プリン

 教皇宮での執務の合間を縫ってデスマスクは双魚宮へ風邪を引いて寝込んでいるアフロディーテの元に向かう。
 代々魚座が管理してきた魔宮薔薇は、主が病に倒れても凛とし綺麗に咲いていた。花粉を撒き散らすとか、棘が更に鋭利に突き出ているとか、特別変わった様子は見られないのは幸いである。
 いつぞやか体調を崩したアフロディーテの小宇宙に共鳴して、魔宮薔薇の花粉が舞い双魚宮の辺り一面が赤くなった時には一時聖域は騒然となった。しかしアフロディーテもそうしたくてやった訳ではない。それでもあんな光景は二度と見たくなく、そして起きないで欲しいものである。
「俺だ、入るぞ。」
 特に返事は無い。眠っているのだろう。風邪を治すにはちゃんと休む事が大事だ。このまま静かに昼食を作って戻ろうかとも思ったのだが、やはり此処は心配が身体を寝室へと向けさせた。

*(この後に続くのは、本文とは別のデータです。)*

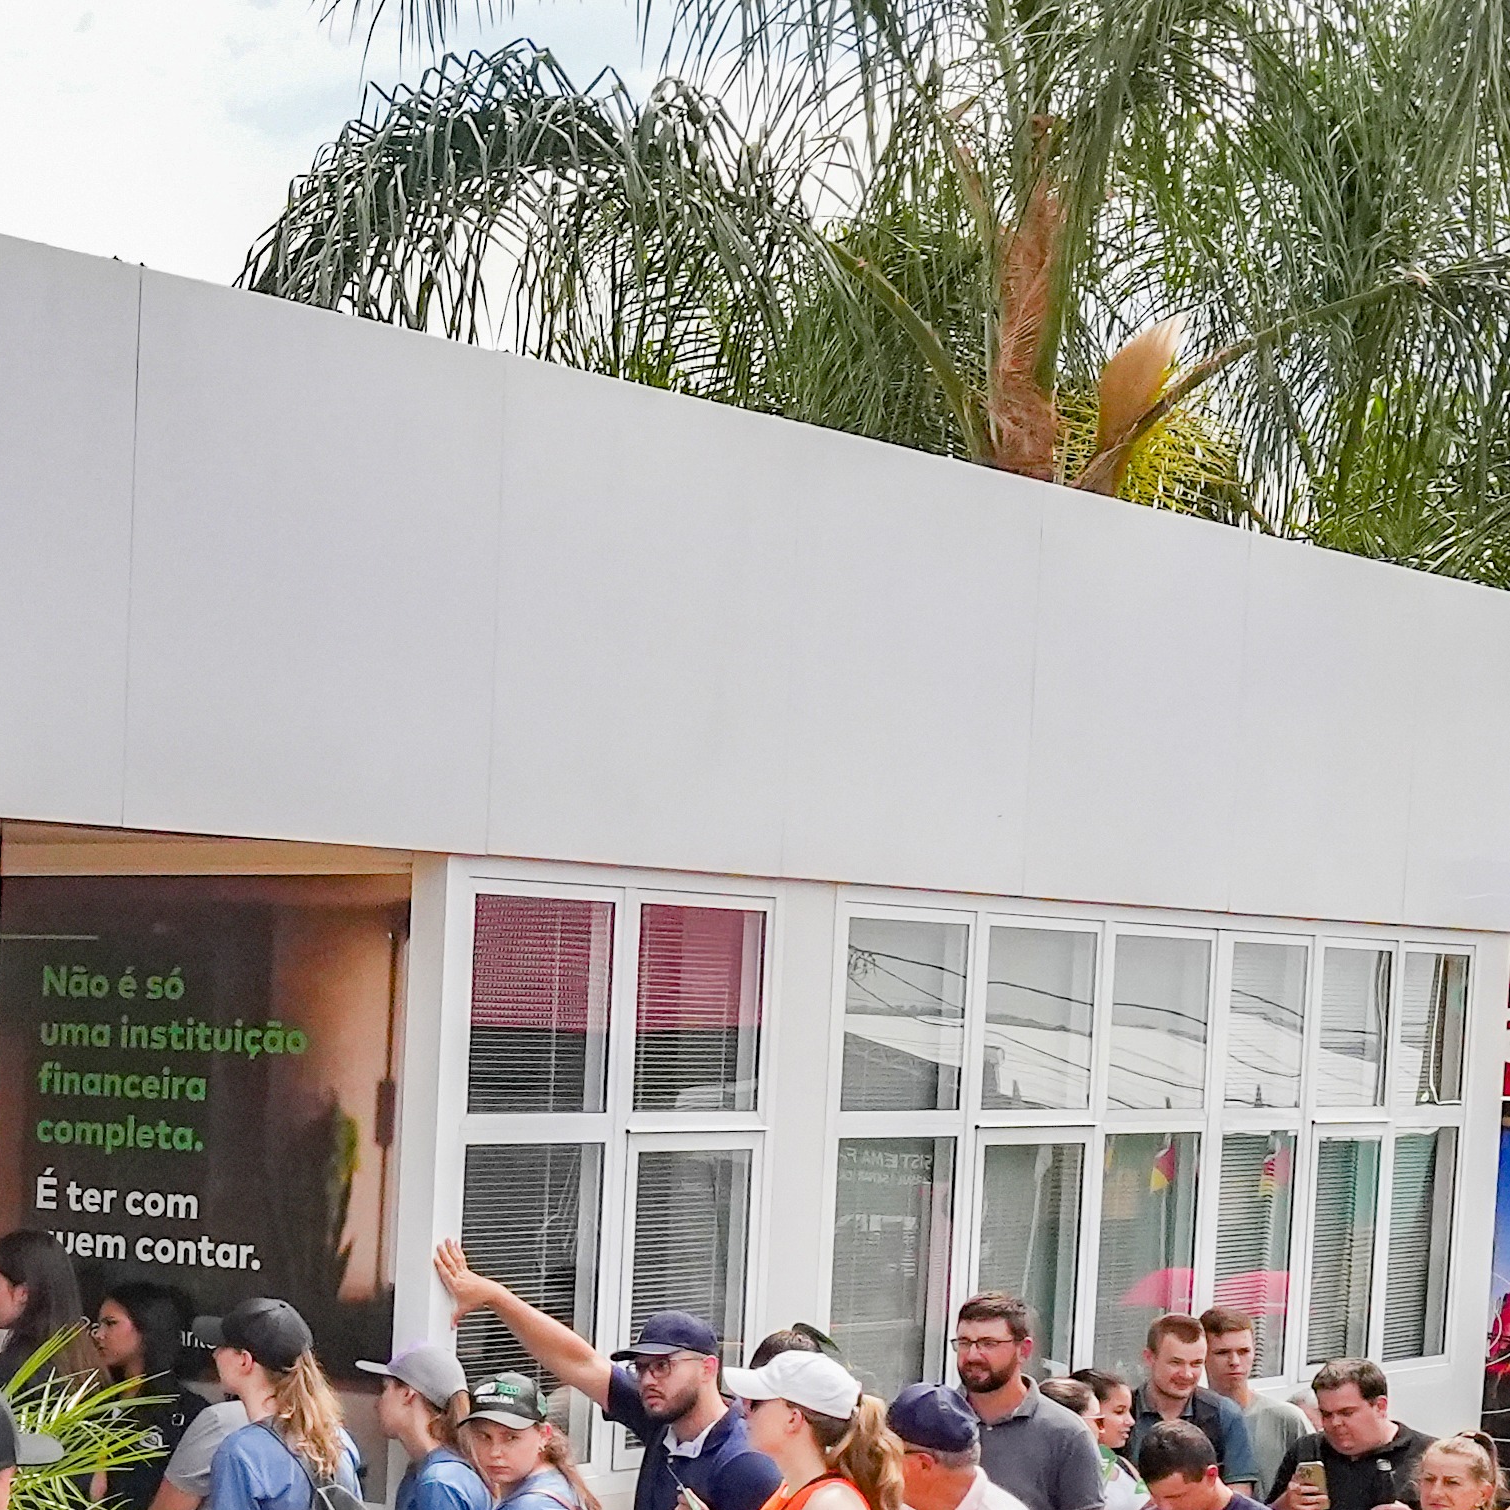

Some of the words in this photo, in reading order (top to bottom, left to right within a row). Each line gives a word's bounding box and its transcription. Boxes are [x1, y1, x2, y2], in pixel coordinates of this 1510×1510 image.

[41, 965, 110, 999] Não
[118, 966, 138, 999] é
[145, 967, 185, 1000] só
[40, 1021, 111, 1047] uma
[120, 1014, 308, 1060] instituição
[38, 1061, 207, 1101] financeira
[36, 1114, 204, 1154] completa.
[35, 1167, 58, 1210] É
[66, 1180, 117, 1214] ter
[125, 1191, 198, 1220] com
[47, 1230, 126, 1260] uem
[135, 1235, 261, 1271] contar.
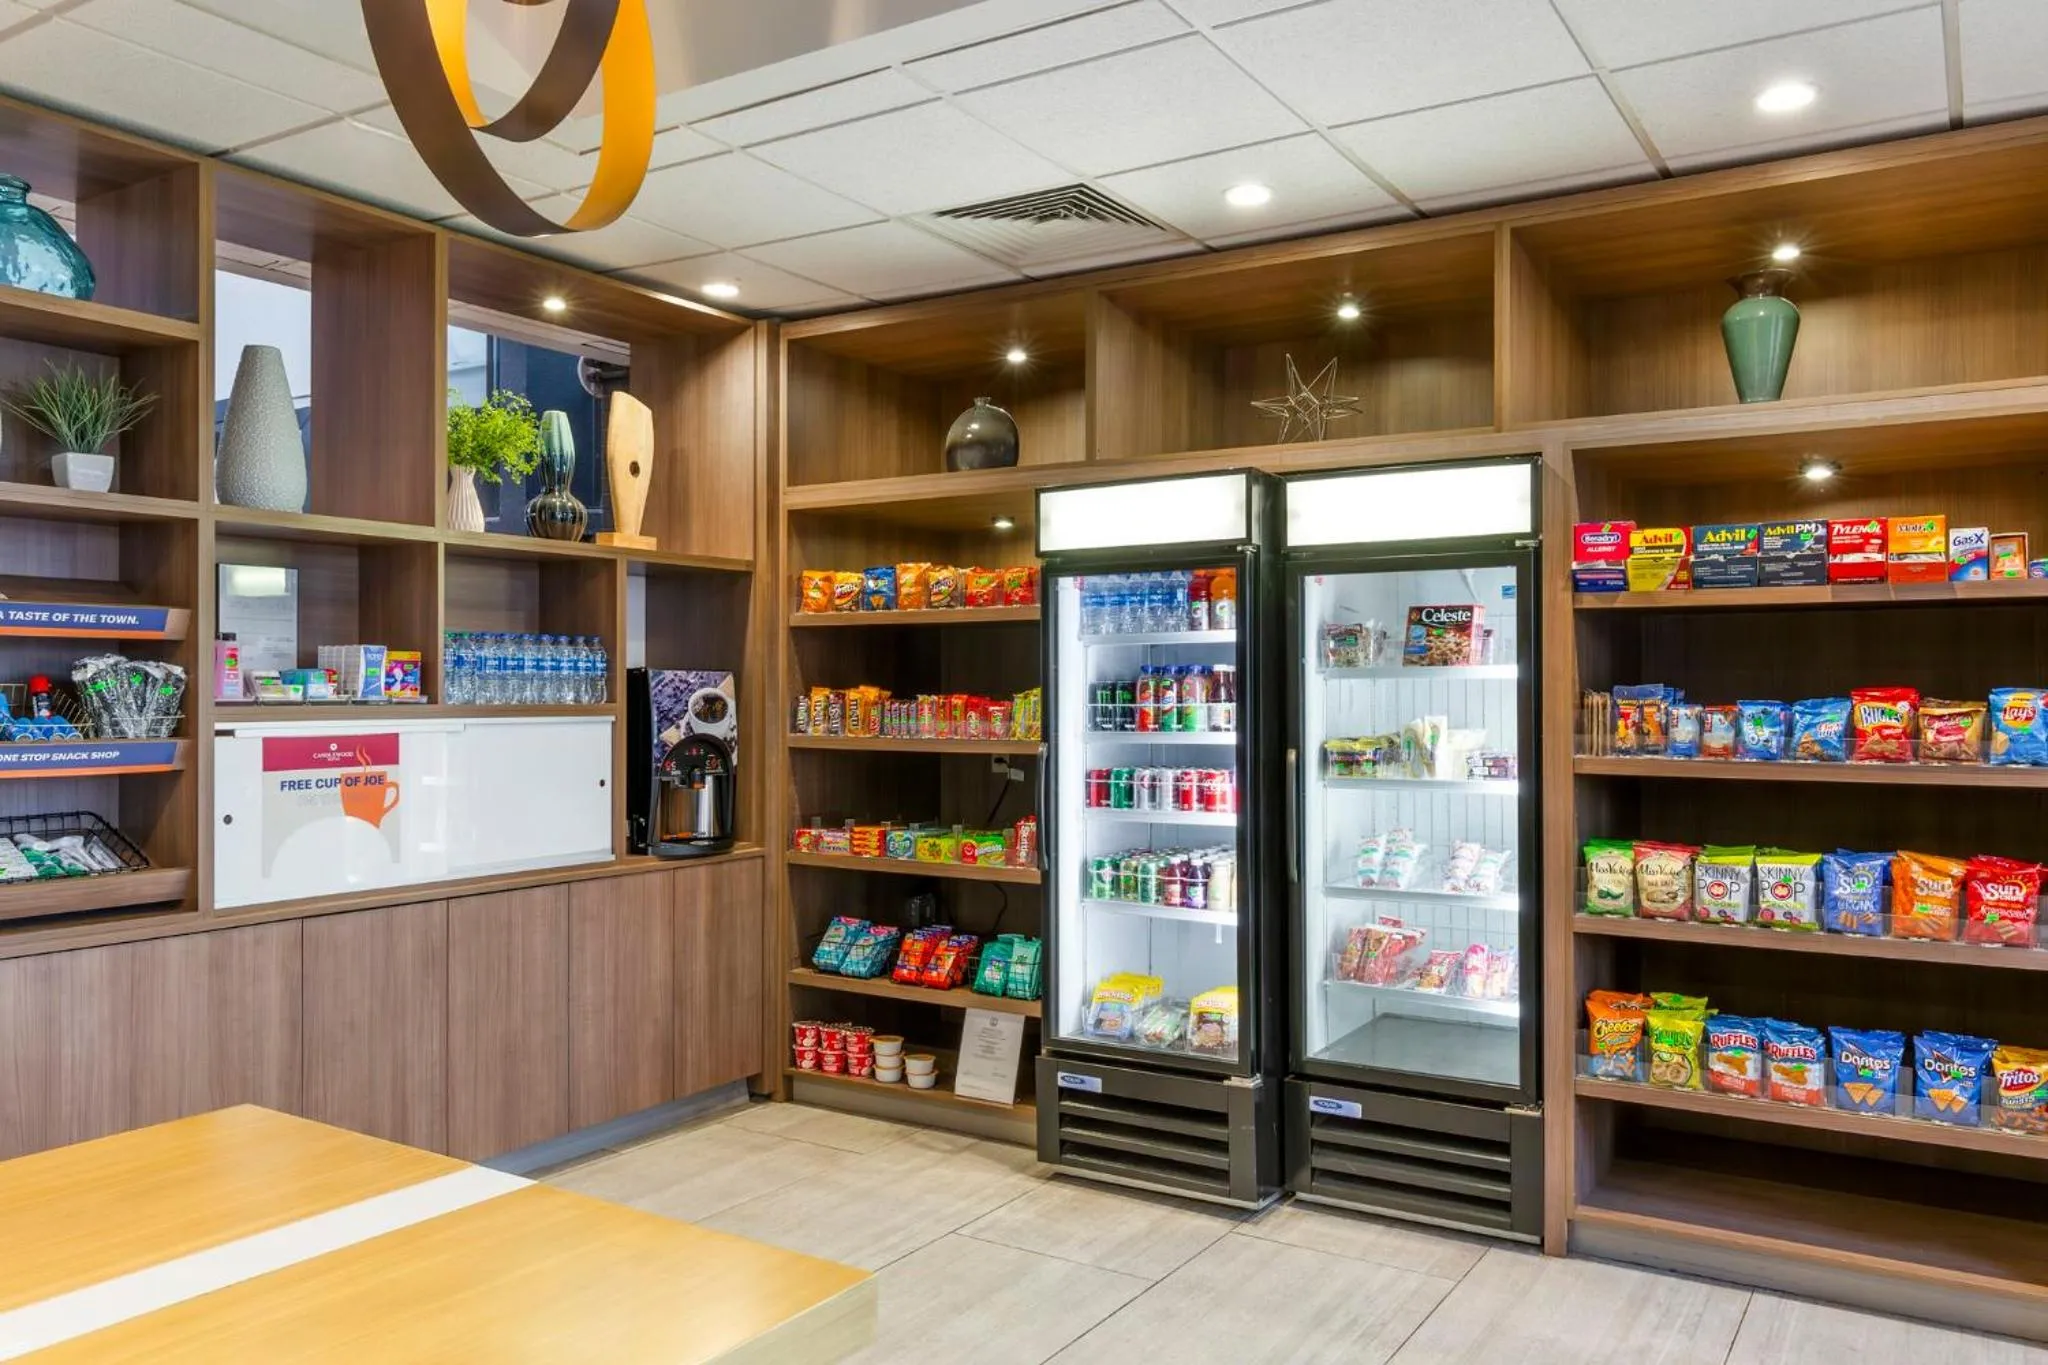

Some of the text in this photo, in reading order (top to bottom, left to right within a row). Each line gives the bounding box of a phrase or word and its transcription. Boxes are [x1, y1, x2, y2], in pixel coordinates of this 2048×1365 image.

[1703, 528, 1746, 543] Advil
[1764, 523, 1816, 536] Advil PM
[1831, 523, 1883, 536] TYLENOL
[1583, 534, 1618, 543] Benadryl
[1639, 532, 1674, 544] Advil
[8, 610, 49, 622] TASTE
[52, 612, 70, 622] OF
[72, 613, 98, 624] THE
[100, 614, 140, 625] TOWN.
[1421, 608, 1472, 623] Celeste
[20, 752, 51, 762] STOP
[51, 751, 90, 761] SNACK
[91, 751, 120, 760] SHOP
[280, 775, 385, 791] FREE CUP OF JOE
[1698, 866, 1740, 880] SKINNY
[1760, 866, 1806, 881] SKINNY
[1697, 878, 1741, 901] POP
[1760, 880, 1806, 902] POP
[1984, 882, 2021, 901] Sun
[1710, 1032, 1758, 1050] RUFFLES
[1770, 1044, 1817, 1060] RUFFLES
[1841, 1051, 1891, 1070] Doritos
[1924, 1058, 1977, 1078] Doritos
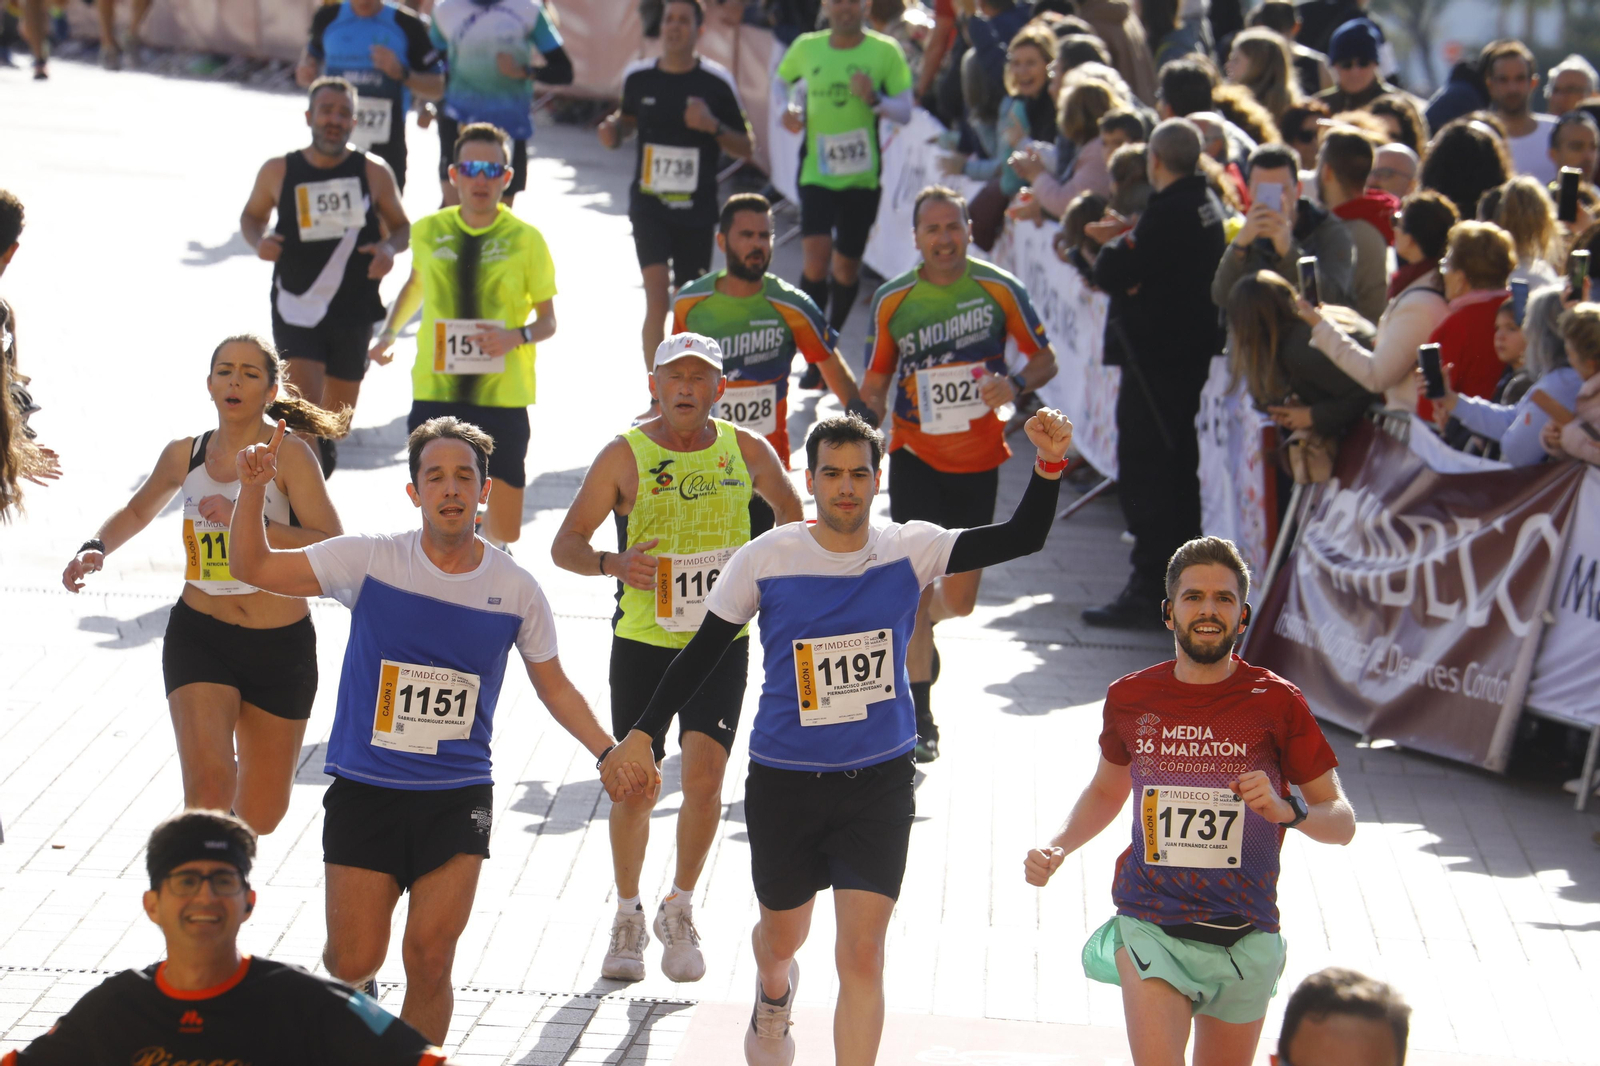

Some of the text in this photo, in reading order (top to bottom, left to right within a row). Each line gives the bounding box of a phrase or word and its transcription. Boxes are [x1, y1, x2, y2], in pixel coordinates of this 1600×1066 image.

[654, 158, 694, 179] 1738
[317, 192, 352, 212] 591
[918, 304, 994, 351] MOJAMAS
[448, 334, 484, 355] 15
[721, 398, 772, 423] 3028
[201, 532, 227, 559] 11
[683, 556, 716, 566] IMDECO
[675, 569, 721, 598] 116
[824, 639, 862, 651] IMDECO
[411, 670, 449, 681] IMDECO
[818, 649, 886, 686] 1197
[802, 669, 812, 696] CAJÓN
[827, 684, 882, 696] PIERNAGORDA POVEDANO
[1462, 661, 1510, 706] Córdo
[382, 689, 392, 717] CAJÓN
[399, 684, 468, 717] 1151
[397, 715, 416, 723] GABRIEL
[1162, 725, 1214, 740] MEDIA
[1135, 737, 1247, 757] 36 MARATÓN
[1159, 760, 1247, 773] CÓRDOBA 2022
[1169, 790, 1210, 801] IMDECO
[1159, 806, 1239, 841] 1737

 もう一度声を駆けてから寝室に入る。ベッドには散らかったシアン色の巻き毛。壁側を向いているので顔が見えない。
 枕の上側に吹っ飛ばしたタオルを回収して氷水に浸ける。額に手を置いて熱を窺うとどうやら熱は下がった様で、デスマスクの口からは安堵の息が漏れた。
「…ん…デスマスク…?」
「悪い、起こしちまったな。」
 大丈夫だよと言いながら、ころん…とデスマスクのいる方向にアフロディーテは寝返りをうつ。顔色も引き始めに比べれば随分と良くなった。
「…迷惑を掛けて済まなかったね。」
「馬鹿野郎。謝るくらいならさっさと治しやがれ。」
 謝罪より何より、完治して元気になった姿を見せるほうが、看病をしてきた者としてはそちらのほうが断然嬉しい。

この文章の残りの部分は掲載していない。